= Leah L'Estrange Malone =

British politician

Leah L'Estrange Malone ( Klingenstein; 1886 - 4 September 1951) was a British politician.

== Biography ==
She was born in London as Leah Klingenstein, to Arthur Klingenstein and Regina Klingenstein (née Schubach): her family changed their surname to "Kay" while she was still a child. She had an older brother, Sidney, an older sister, Noëmi, and a younger brother Gilbert who died in childhood. She completed a degree in modern history in 1904 at Somerville College, Oxford, before becoming an inspector with the Ministry of Health, then in 1917 became the secretary to Henry Cavendish-Bentinck, Member of Parliament for Nottingham South. While working for Cavendish-Bentinck, she met Cecil Malone, Member of Parliament for Leyton East and the Communist Party of Great Britain's first MP. She and Malone married in 1921.

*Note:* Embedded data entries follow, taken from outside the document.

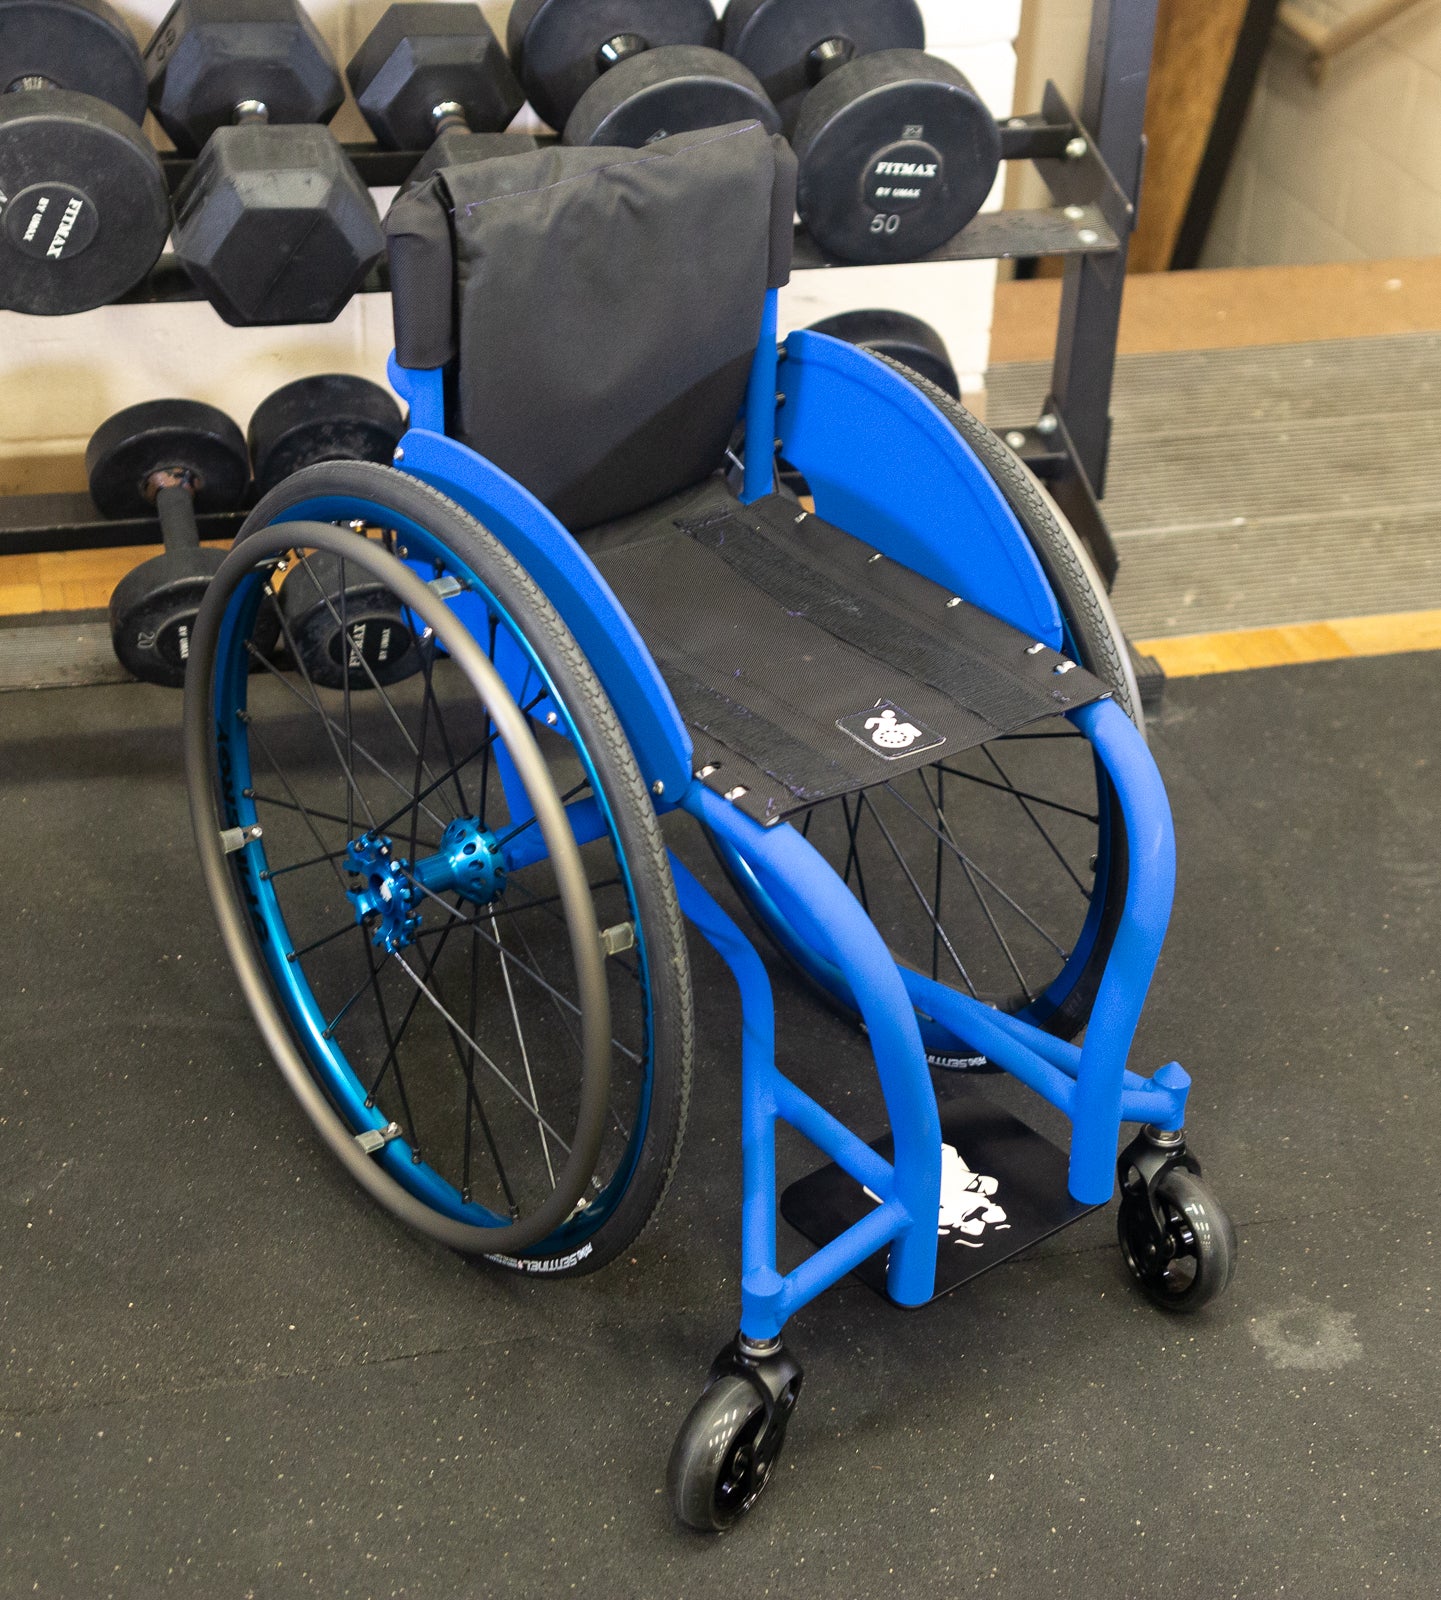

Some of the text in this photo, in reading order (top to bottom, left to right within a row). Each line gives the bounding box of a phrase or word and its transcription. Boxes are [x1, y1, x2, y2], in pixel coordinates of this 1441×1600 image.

[875, 161, 938, 177] FITMAX
[875, 186, 921, 198] BY UMAX
[22, 196, 50, 242] BY UMAX
[46, 197, 84, 259] FITMAX
[869, 213, 901, 234] 50
[136, 631, 155, 650] 20
[523, 1252, 578, 1273] SENTINEL
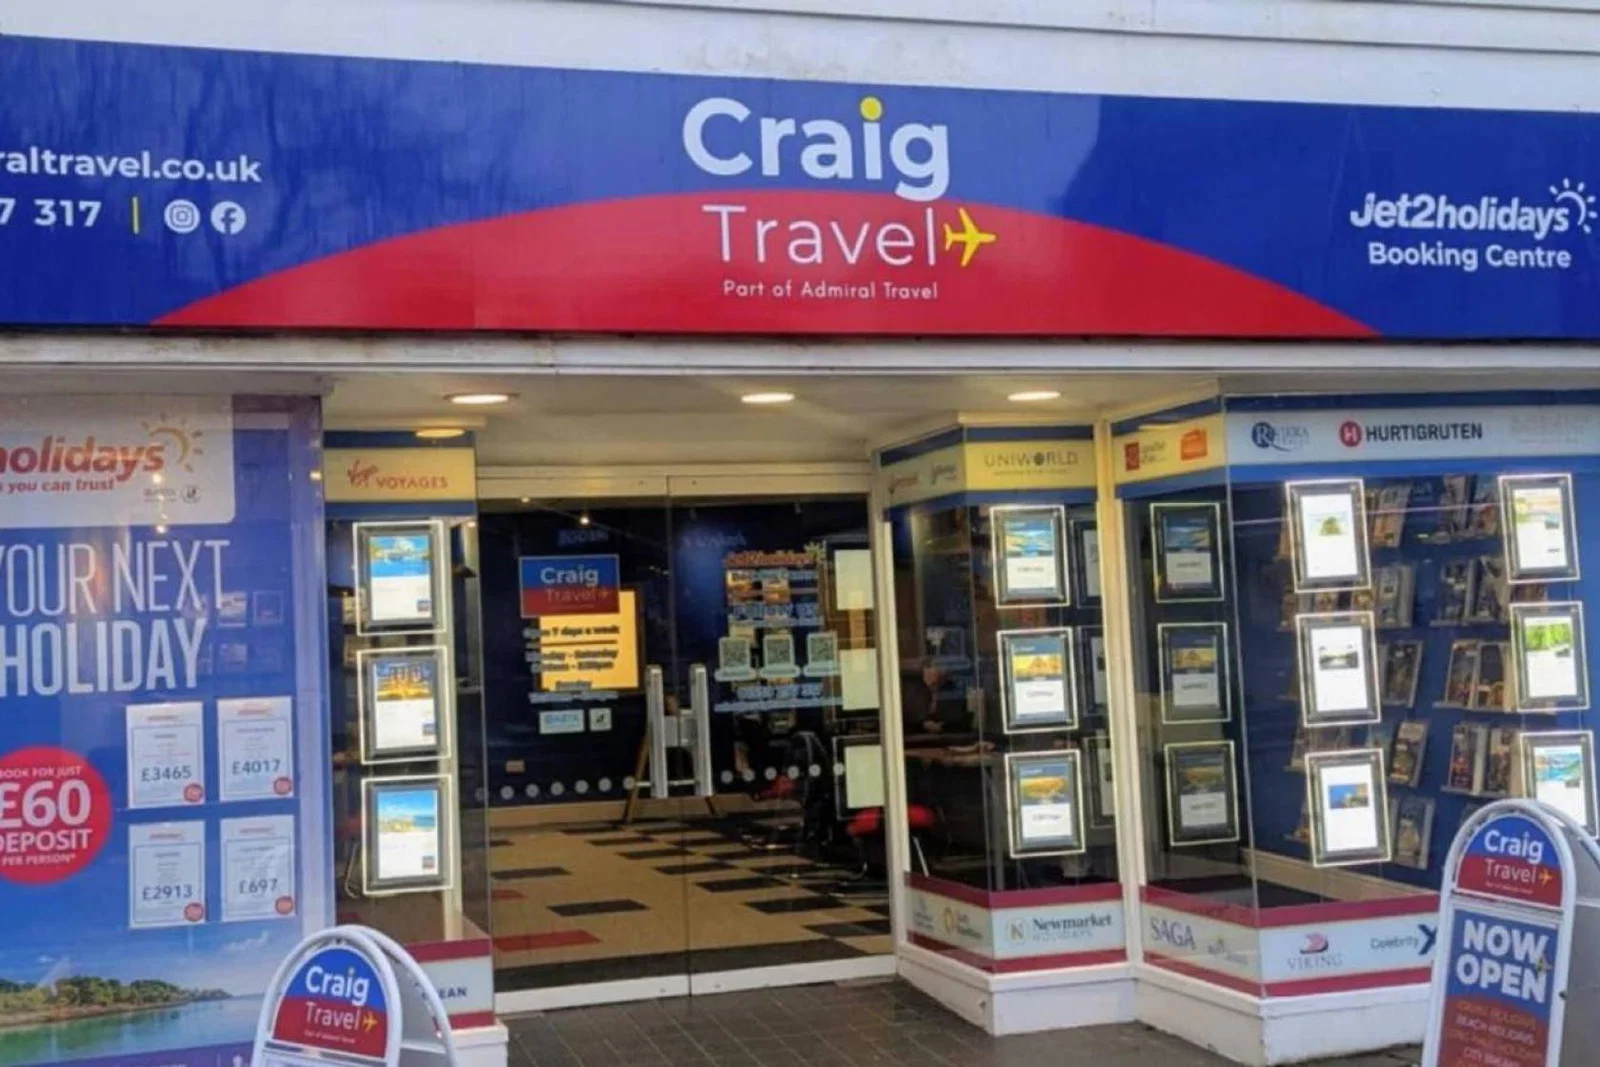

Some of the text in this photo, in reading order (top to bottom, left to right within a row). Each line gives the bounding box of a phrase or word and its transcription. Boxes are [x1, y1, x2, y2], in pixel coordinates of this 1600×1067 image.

[682, 96, 949, 201] Craig
[34, 199, 102, 227] 317
[1349, 192, 1569, 240] Jet2holidays
[702, 203, 936, 266] Travel
[1368, 241, 1572, 272] Booking Centre
[723, 280, 938, 299] Part of Admiral Travel
[1366, 422, 1483, 442] HURTIGRUTEN
[8, 478, 114, 494] you can trust
[376, 475, 448, 490] VOYAGES
[0, 540, 230, 617] OUR NEXT
[540, 564, 599, 587] Craig
[0, 618, 207, 697] HOLIDAY
[57, 765, 82, 778] JUST
[141, 764, 192, 782] £3465
[232, 758, 281, 775] £4017
[0, 779, 91, 828] £60
[1484, 828, 1544, 865] Craig
[2, 854, 24, 867] PER
[1484, 857, 1537, 885] Travel
[142, 884, 193, 901] £2913
[238, 877, 278, 895] £697
[1032, 912, 1112, 932] Newmarket
[1149, 916, 1197, 951] SAGA
[1370, 935, 1419, 951] Celebrity
[1463, 919, 1549, 964] NOW
[1287, 953, 1344, 971] VIKING
[306, 965, 369, 1007] Craig
[1455, 953, 1546, 1004] OPEN
[438, 986, 468, 999] EAN
[306, 1001, 361, 1031] Travel
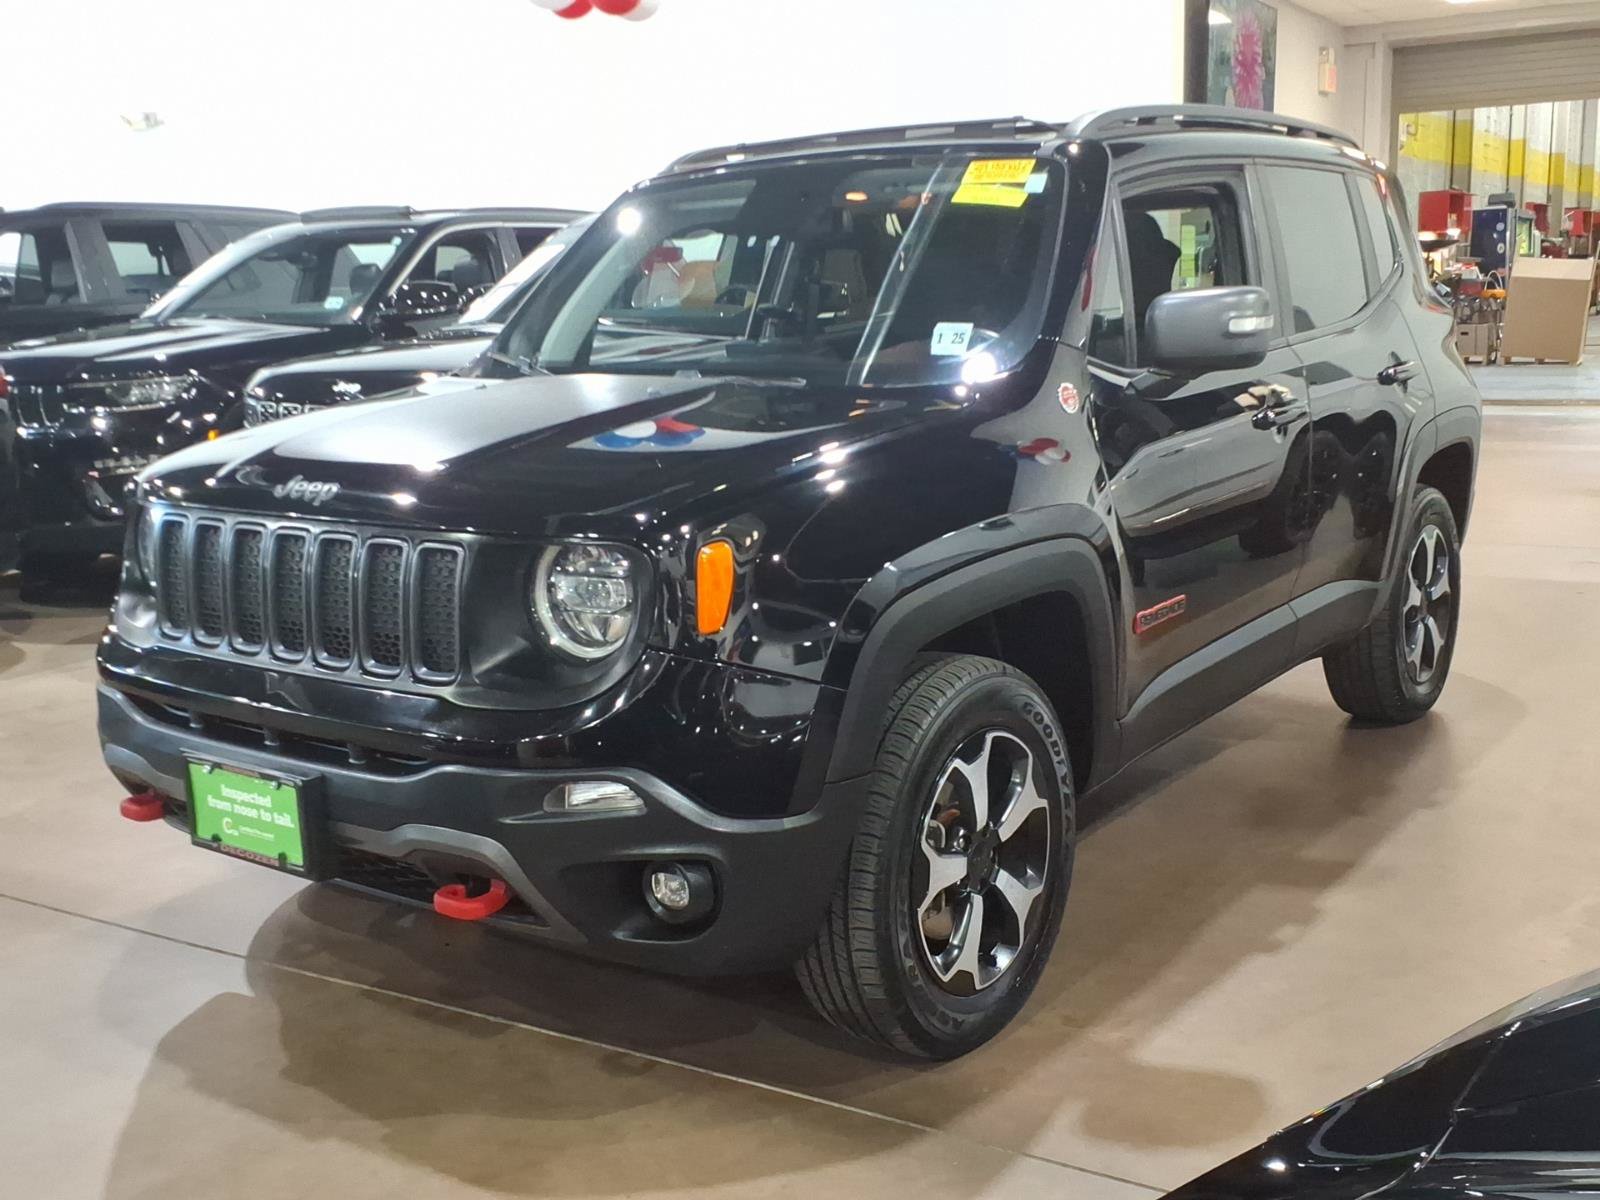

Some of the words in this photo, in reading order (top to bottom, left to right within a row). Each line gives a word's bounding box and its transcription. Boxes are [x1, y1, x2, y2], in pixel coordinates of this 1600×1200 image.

[951, 332, 966, 344] 25
[272, 474, 340, 506] Jeep
[220, 784, 272, 807] Inspected
[207, 795, 232, 812] from
[233, 804, 259, 818] nose
[260, 808, 272, 822] to
[273, 812, 294, 828] tail.
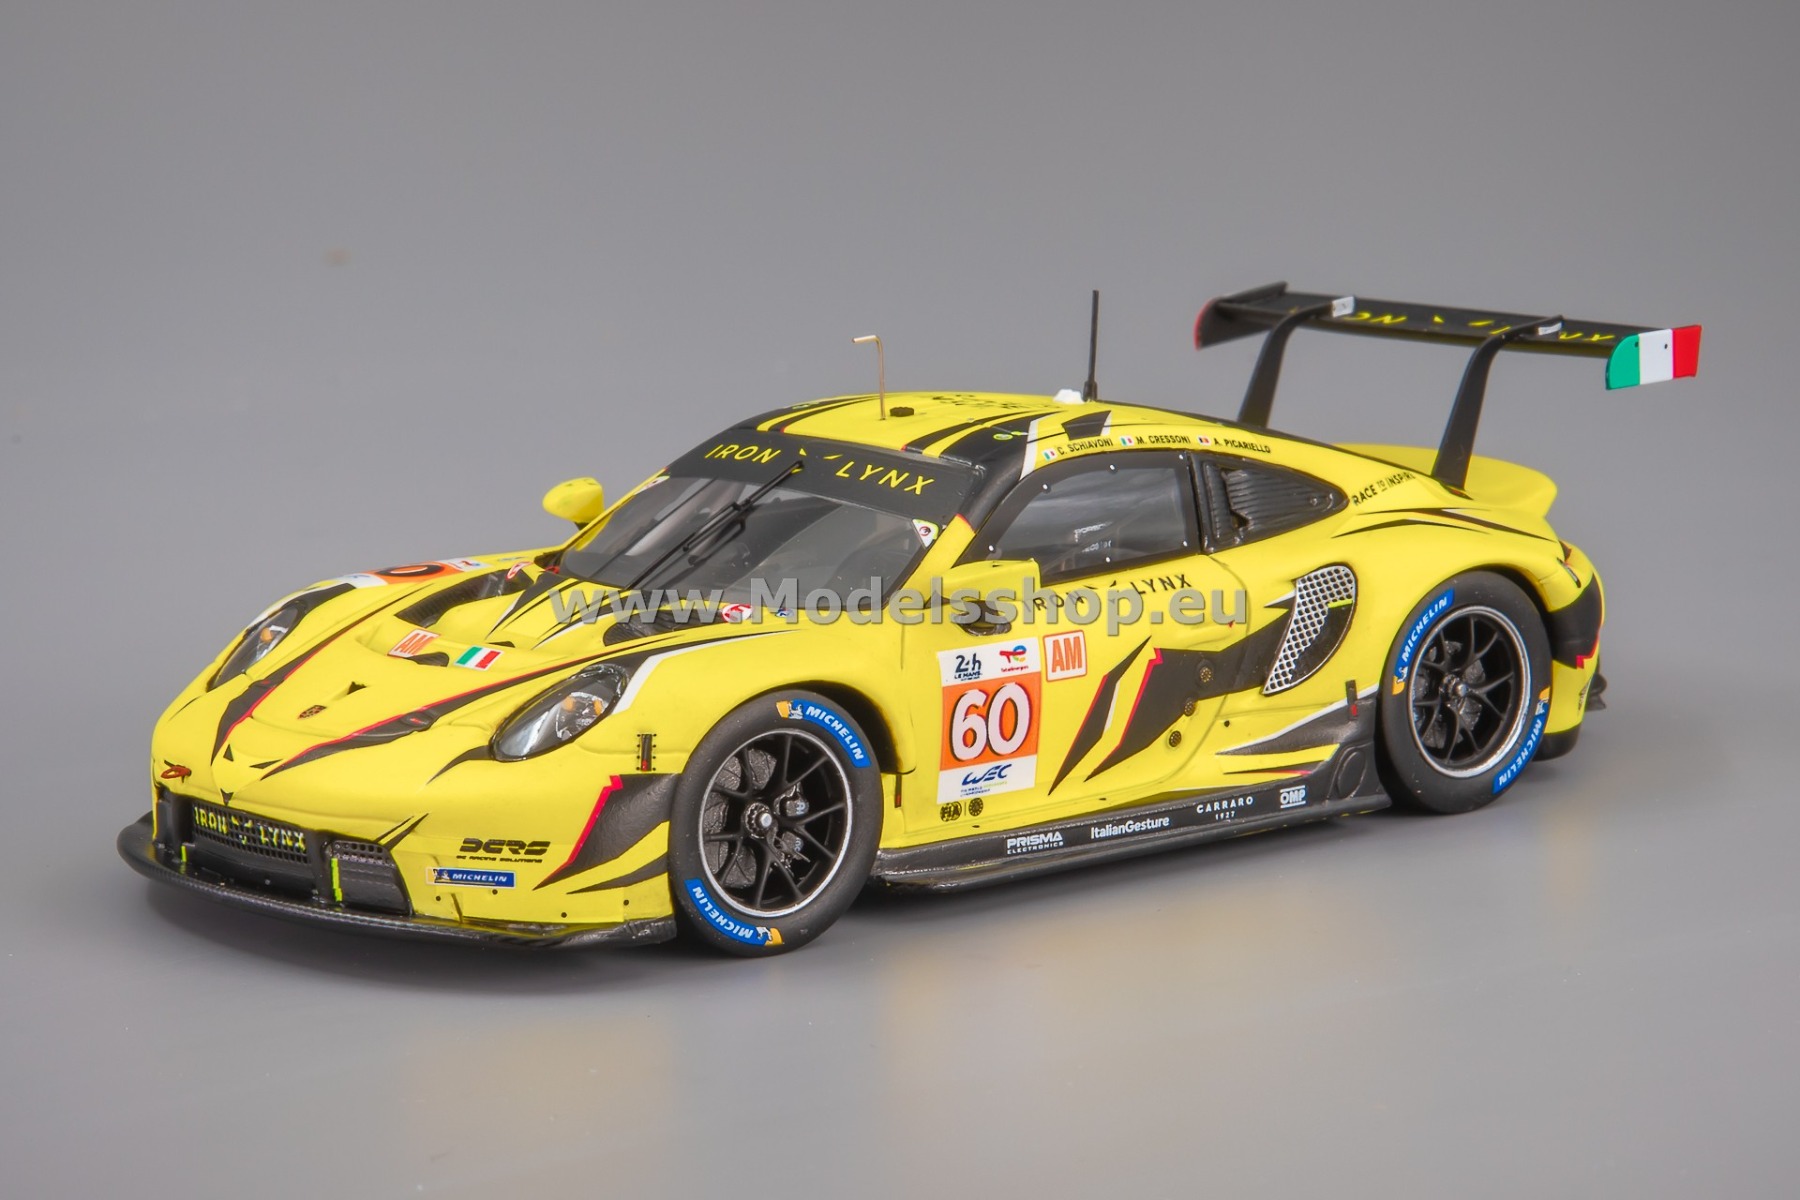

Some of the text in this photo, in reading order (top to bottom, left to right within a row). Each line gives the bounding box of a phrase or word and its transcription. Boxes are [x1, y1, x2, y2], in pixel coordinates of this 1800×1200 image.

The L'Estrange Malones soon left the Communist Party and joined the Labour Party. In 1923, Leah became the first female chair of Poale Zion in the UK. In 1924, along with Frida Laski, Dora Russell and Dorothy Jewson she cofounded the Workers' Birth Control Group, which provided advice on birth control to working-class women. She worked with Dora Russell to successfully persuade the party to adopt a policy of making access to birth control easier. In 1934, she was elected to the London County Council, representing West Fulham, and in 1937 she was made an alderman. During her time on the council she served on various committees, including a period chairing the public assistance committee.

L'Estrange Malone died in 1951, while on holiday in Italy. She is buried at the Cimitero Monumentale di Staglieno in Genoa.